When you reproduce the entries below, keep each one exact and drop any pictures.
*** Opening of Provided records ***
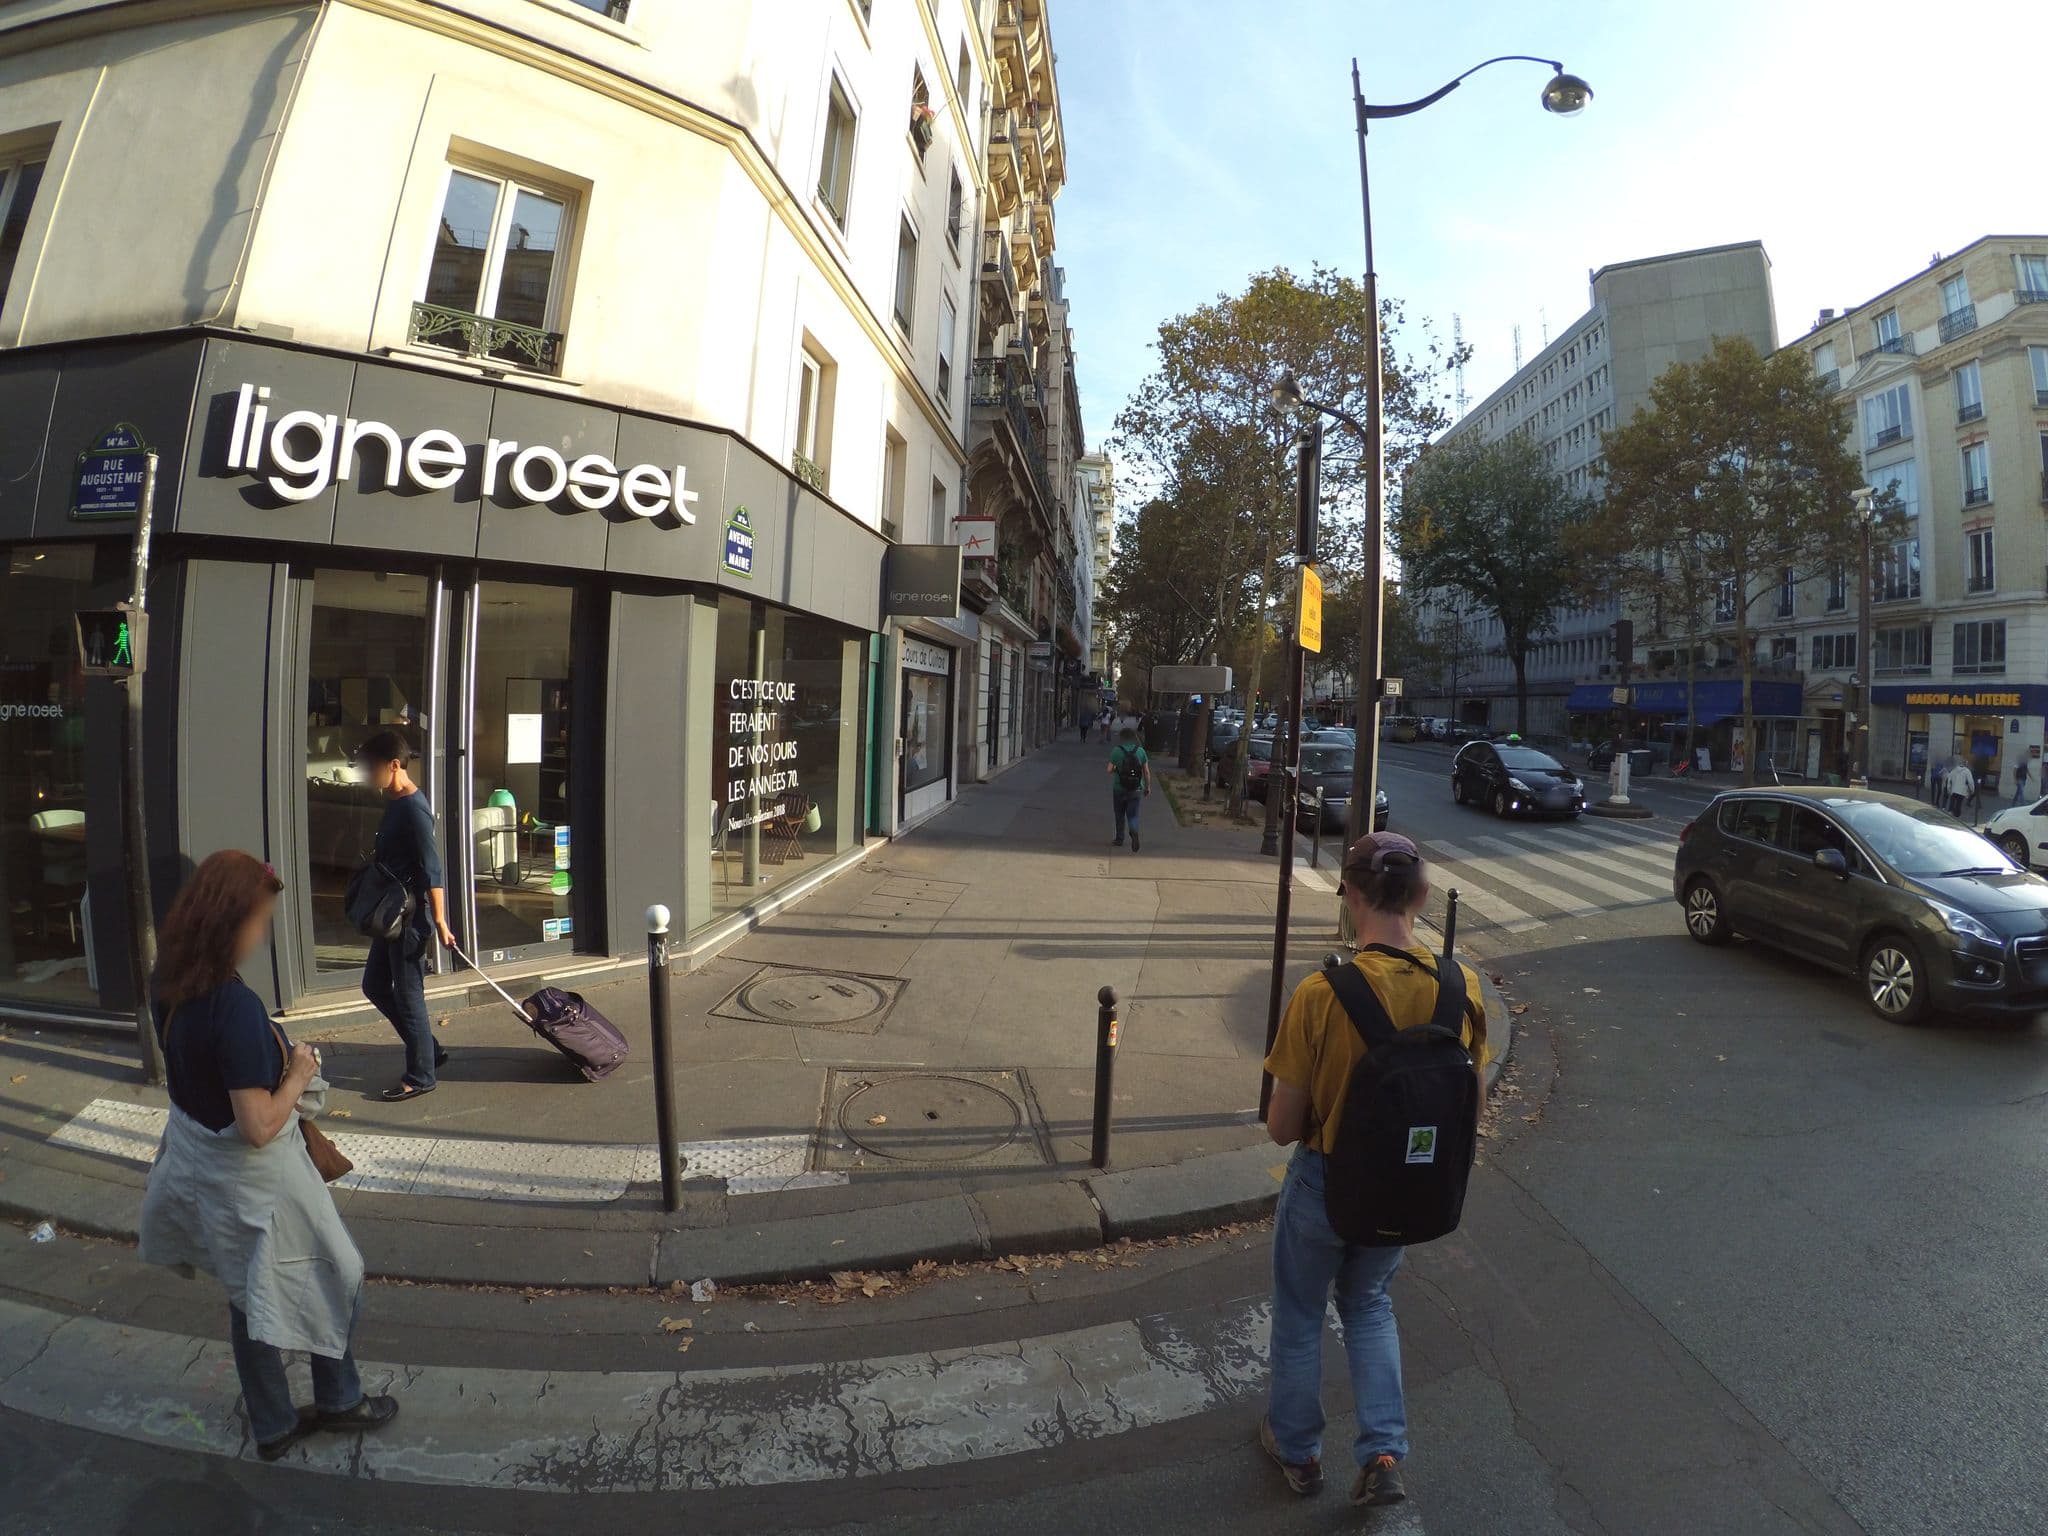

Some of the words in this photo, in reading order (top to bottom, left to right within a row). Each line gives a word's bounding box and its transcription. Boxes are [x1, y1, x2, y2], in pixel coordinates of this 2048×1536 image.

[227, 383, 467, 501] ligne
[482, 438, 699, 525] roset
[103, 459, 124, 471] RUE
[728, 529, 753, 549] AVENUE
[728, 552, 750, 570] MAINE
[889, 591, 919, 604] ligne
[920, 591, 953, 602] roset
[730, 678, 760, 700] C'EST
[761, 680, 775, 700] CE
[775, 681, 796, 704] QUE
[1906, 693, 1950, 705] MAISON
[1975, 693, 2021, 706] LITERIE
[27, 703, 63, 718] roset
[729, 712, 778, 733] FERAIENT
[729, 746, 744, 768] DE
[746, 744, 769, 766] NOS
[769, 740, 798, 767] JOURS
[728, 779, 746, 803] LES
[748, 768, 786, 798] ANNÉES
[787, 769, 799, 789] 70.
*** Close of Provided records ***
Answer for this exercise -
Some of the words in this photo, in reading order (top to bottom, left to right within a row). Each line gives a word's bounding box and its transcription. Boxes are [x1, y1, x2, y2], in pixel coordinates of this 2048×1536 image.

[227, 383, 467, 501] ligne
[482, 438, 699, 525] roset
[103, 459, 124, 471] RUE
[728, 529, 753, 549] AVENUE
[728, 552, 750, 570] MAINE
[889, 591, 919, 604] ligne
[920, 591, 953, 602] roset
[730, 678, 760, 700] C'EST
[761, 680, 775, 700] CE
[775, 681, 796, 704] QUE
[1906, 693, 1950, 705] MAISON
[1975, 693, 2021, 706] LITERIE
[27, 703, 63, 718] roset
[729, 712, 778, 733] FERAIENT
[729, 746, 744, 768] DE
[746, 744, 769, 766] NOS
[769, 740, 798, 767] JOURS
[728, 779, 746, 803] LES
[748, 768, 786, 798] ANNÉES
[787, 769, 799, 789] 70.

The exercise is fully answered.